□张冉
对于“书中自有黄金屋”这句老话,每个人都有自己的理解。于我来说,它是人在文字间构筑起的丰盈的精神天地。
我的阅读之路,是一段由浅入深、从识文到观心的成长历程,清晰分为三个阶段:童年以书果腹,少年以书知世,大学以书问道。
我的童年没有智能手机,相伴玩耍的同龄人也不多。在那个娱乐方式相对单调的岁月里,一本书便能打开一方全新天地。但最初爱上阅读,并非我天生偏爱文学,而是源于孩童最朴素的口腹之欲。
小时候手头少有零花钱,想吃一包老北京方便面,总要掐着时日慢慢攒钱。物质供给单薄,心底对美食的渴望却格外浓烈,我便把书本当作“饱腹”的精神代餐。
读鲁迅的《社戏》,别人看到的是乡土中国的变迁,而我却要闻那股煮罗汉豆的清香,“六一公公”送的那一大碗豆,在我脑海里咕嘟咕嘟地冒着热气。读萧红的《呼兰河传》,读到祖父把掉进井里淹死的猪和鸭捞起来,架起火堆做成黄泥烤猪、烧鸭时,那种原始的烹饪香气几乎要从纸页里冒出来,让我这个爱吃肉的孩子口水直流。那时候,《鲁滨逊漂流记》里的荒岛我也并不觉得是绝境,反倒像一座藏满惊喜的宝库,书中写的葡萄干、大麦饼都是我荒岛寻宝的奖励。《水浒传》里,好汉们吃肉、喝酒,酣畅洒脱的饮食场面,让我第一次意识到,原来吃饭也可以展现出一个人的豪迈风骨。而真正为我打开味蕾的,是汪曾祺。他笔下的高邮咸鸭蛋,“吱——红油就冒出来了”;写云南滚烫鲜美的小锅米线,让我真切体会到,原来文字也是可以下饭的。
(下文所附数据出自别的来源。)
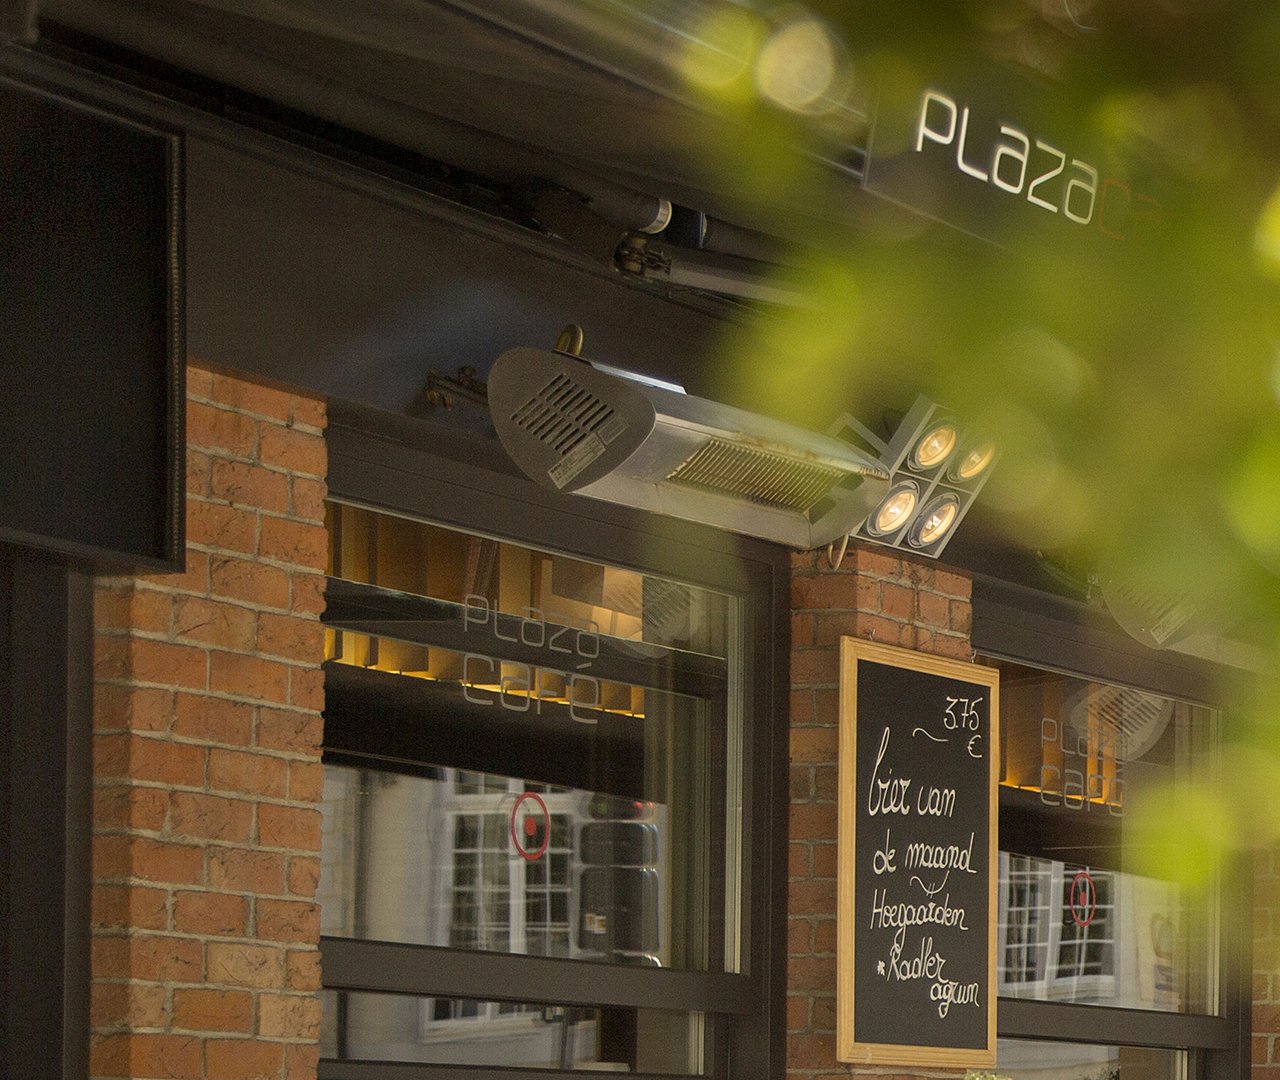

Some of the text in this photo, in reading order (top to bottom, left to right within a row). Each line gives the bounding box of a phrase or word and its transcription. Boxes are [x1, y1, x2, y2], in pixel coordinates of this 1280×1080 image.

上了中学,阅读不再是随心随性的课余消遣,而被纳入了“中学生必读指南”的轨道。书也从用来解馋的“零食”,变成了帮我看清世间百态的“正餐”。
我开始读余华。从《活着》到《兄弟》再到《第七天》,福贵接连失去至亲的苦痛,宋钢和李光头的命运分野,让我第一次直面生命的脆弱与世事的荒诞。但书中并不是只有沉重的一面,王小波借特立独行的猪、随性通透的王二,以诙谐笔触教会我于桎梏中寻找自由,在荒诞中寻找智慧。迟子建《额尔古纳河右岸》,以鄂温克最后一位女酋长的口吻,写下一个游牧民族的落幕挽歌,字里行间对天地万物的敬畏,也让我开始思考现代化进程中我们遗失的传统文化与自然初心。
进入大学,阅读卸下了应试的枷锁,我开始尝试边思考边阅读,试图在书页中寻找“我是谁”的答案。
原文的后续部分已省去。